My research is about how moving deeper into the Anthropocene will transform human health systems. It is also about practices (some long-standing, others newly emerging) that could offer practical alternative trajectories for health systems coming to terms with the ecological and social dynamics of a novel geological epoch. The Anthropocene is already marked by global warming, altered weather patterns, environmental decimation, energy and resource shortages, financial crises, and massive movements of populations, not only of humans, but of birds, wolves, ocean mammals, monarch butterflies, and disease vectors. Since 1950, the scale of growth in humanity’s economic sphere has burned enough fossil fuels to begin changing the patterns of the Earth’s seasons, of its landscapes, and of the less visible biophysical cycles that sustain life on this planet.
The growth of the economy has also fueled the expansion of human society. We now have more people, more cities, more roads, more electricity, more complicated technologies, more pharmaceutical drugs, and more scientific knowledge than at any other point in the long life of the Earth. We also have fewer species, less tropical rainforest, melting polar ice caps, and a smaller number of languages. The parts of the world that are not incorporated into an international division of labour are diminishing and the number of people with access to digital technologies is rising. In the Anthropocene, human economic, social, and political activities will determine the course of ecological change. It is an era of unprecedented global connectivity and social complexity. It is also a time of great fragility and vulnerability to crisis and nonlinear change. Together we each face global risks (climate change, nuclear disasters, pandemics), but lack the collective identifications and institutional mechanisms for a global-scale response.
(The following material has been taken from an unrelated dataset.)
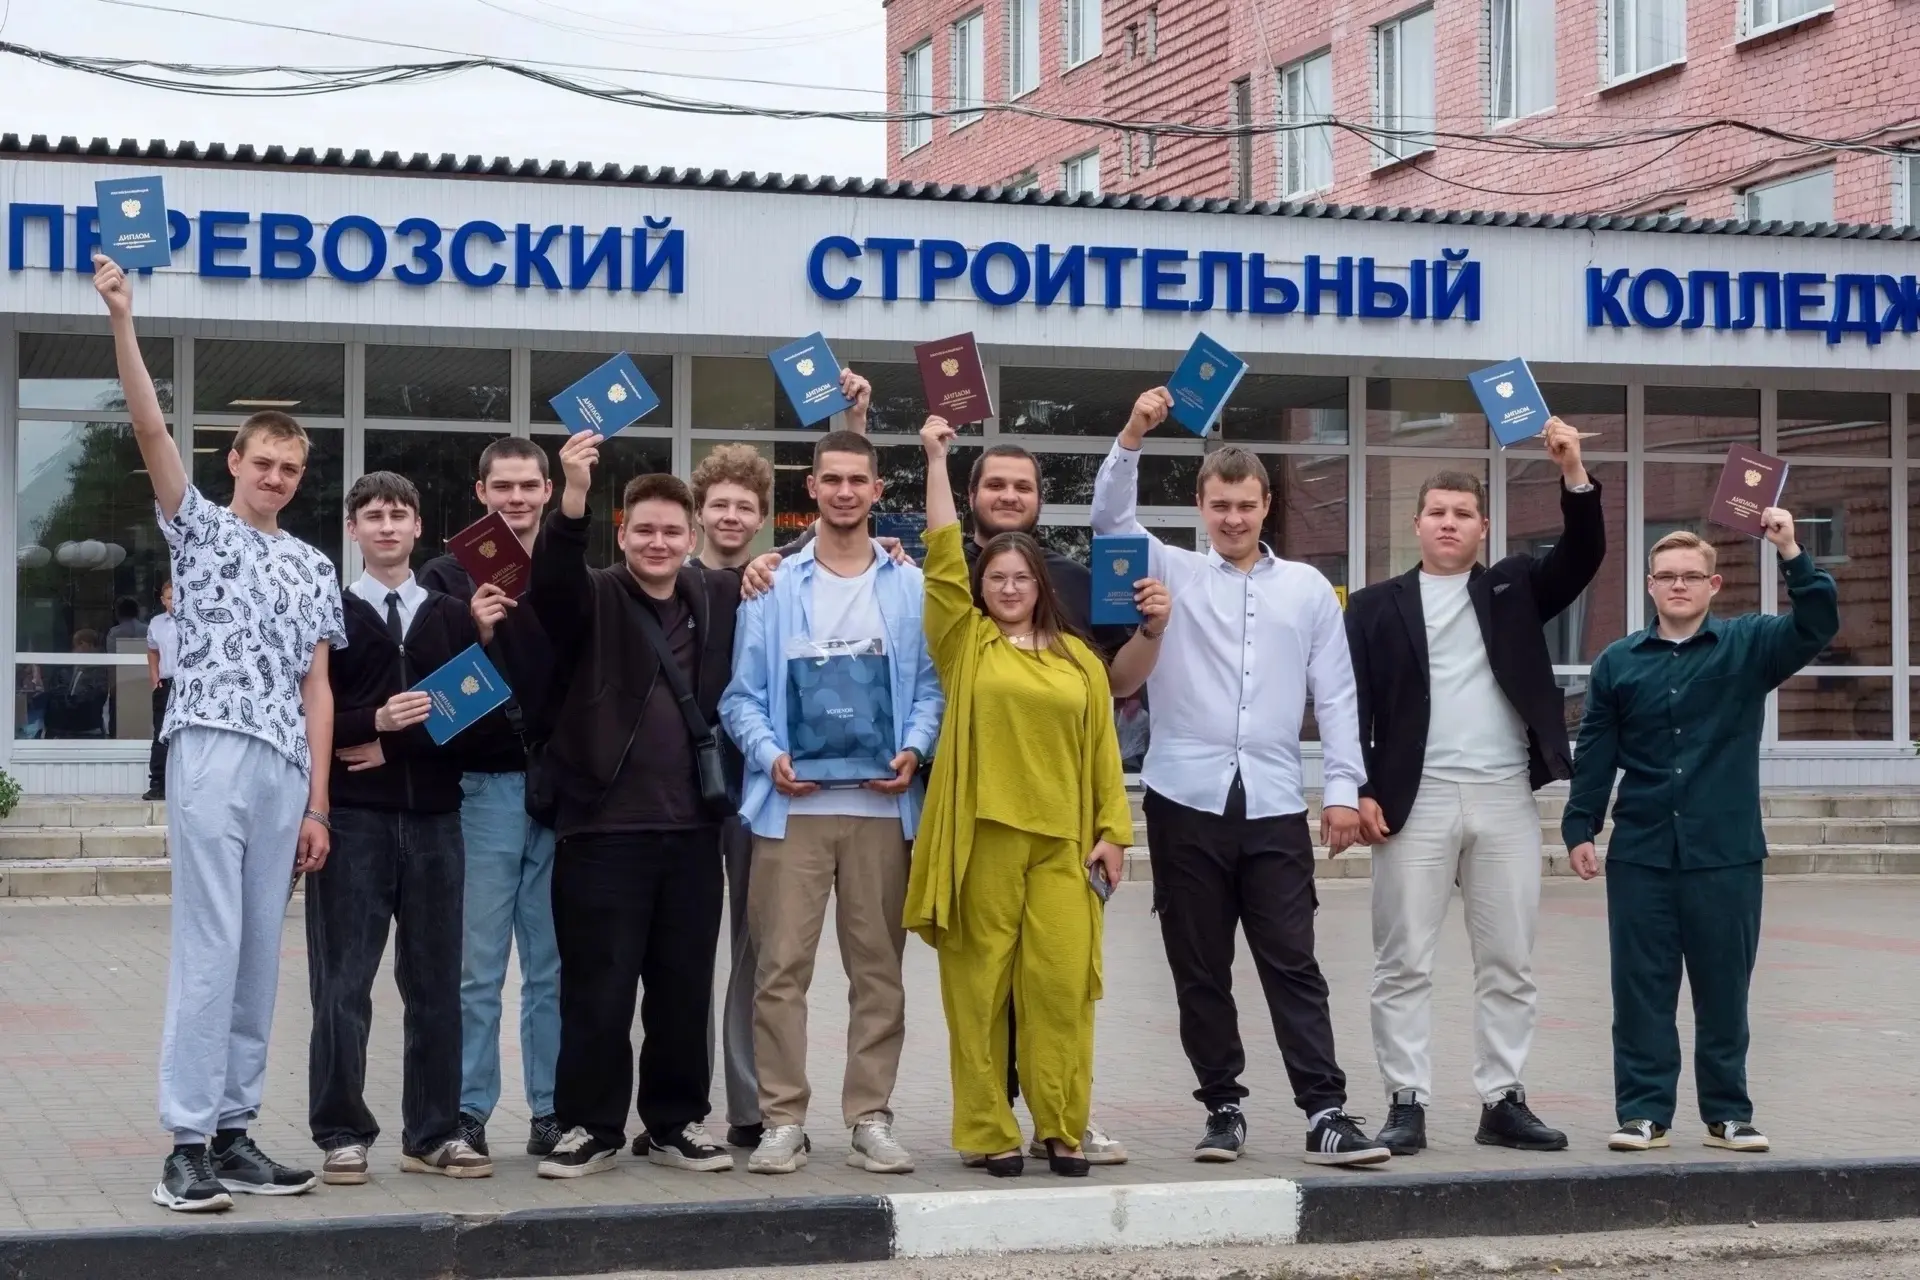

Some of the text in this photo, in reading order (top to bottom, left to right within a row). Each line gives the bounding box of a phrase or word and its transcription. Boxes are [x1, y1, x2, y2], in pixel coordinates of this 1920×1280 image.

Health systems in the Anthropocene are floating down two rivers. One is wide and rushing. It is the strong current of high technology, of novel gene therapies, nanomedicine, robotic surgical techniques, wearable tech, and pharmaceutical drugs. It is the medicine of an industrial capitalist, highly complex society; it cures individuals, extends the lifespan, and enshrines health as a human right. The other river is slow and deep. It is the age-old, innate human capacity to imbue life with meaning, to care for each other, and to heal with the pharmacopoeias of nature and human consciousness. It is the medicine of place-bound communities in a resource constrained world; it is embodied, ritualistic, invested with cultural significance, and is community-centric rather than individualized. In the Anthropocene, the two rivers meet.